[Dataset content — start]
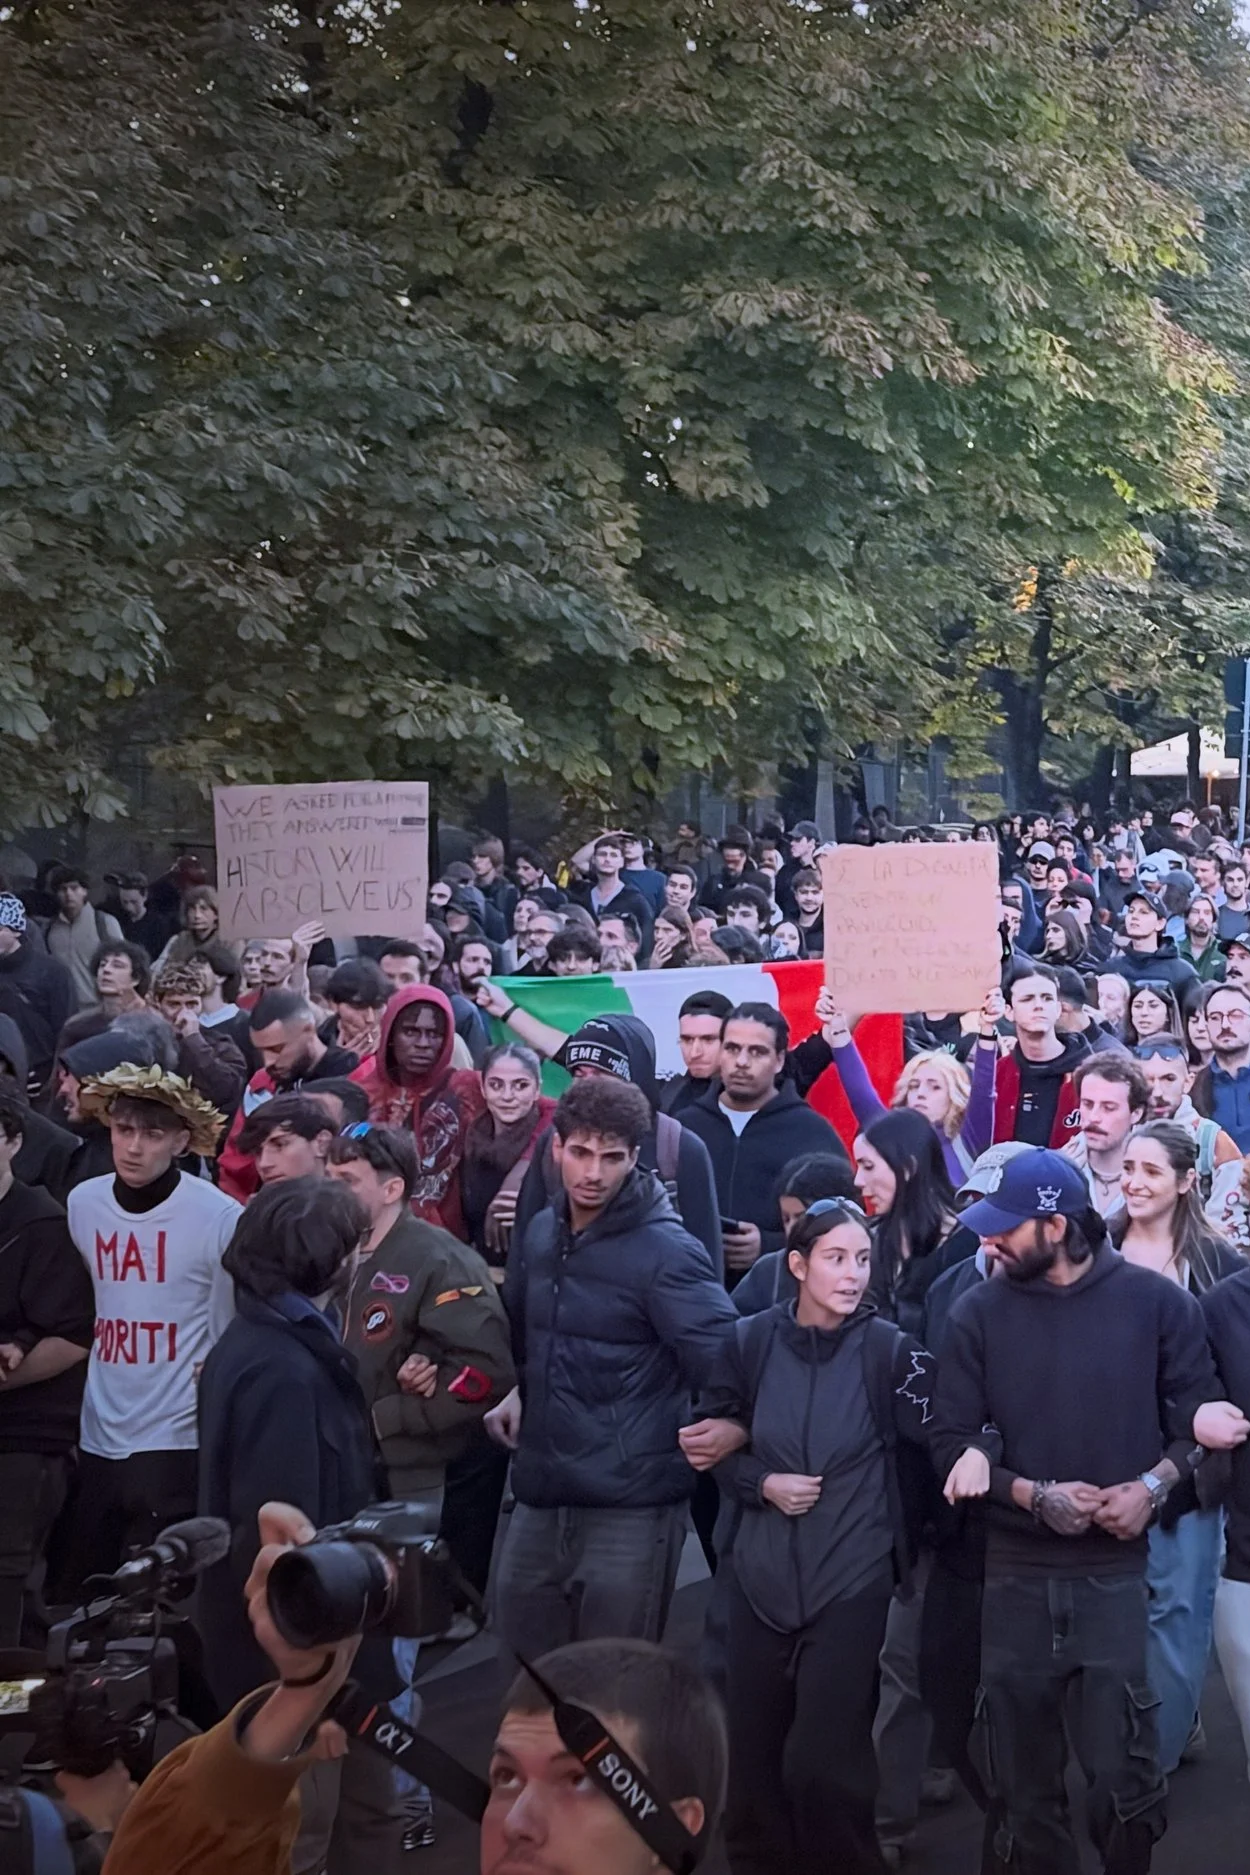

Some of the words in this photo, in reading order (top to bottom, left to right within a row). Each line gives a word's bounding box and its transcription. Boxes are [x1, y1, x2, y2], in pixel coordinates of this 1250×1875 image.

[219, 795, 273, 818] WE
[283, 793, 337, 813] ASKED
[226, 819, 278, 843] THEY
[328, 842, 386, 873] WILL
[232, 880, 380, 926] ABSOLVE
[95, 1228, 166, 1283] MAI
[598, 1752, 658, 1820] SONY
[Dataset content — finish]
## What to produce:
Give back every entry in its exact wording, leaving the pictures out.

## The answer:
Some of the words in this photo, in reading order (top to bottom, left to right within a row). Each line gives a word's bounding box and its transcription. Boxes are [x1, y1, x2, y2], in pixel coordinates of this 1250×1875 image.

[219, 795, 273, 818] WE
[283, 793, 337, 813] ASKED
[226, 819, 278, 843] THEY
[328, 842, 386, 873] WILL
[232, 880, 380, 926] ABSOLVE
[95, 1228, 166, 1283] MAI
[598, 1752, 658, 1820] SONY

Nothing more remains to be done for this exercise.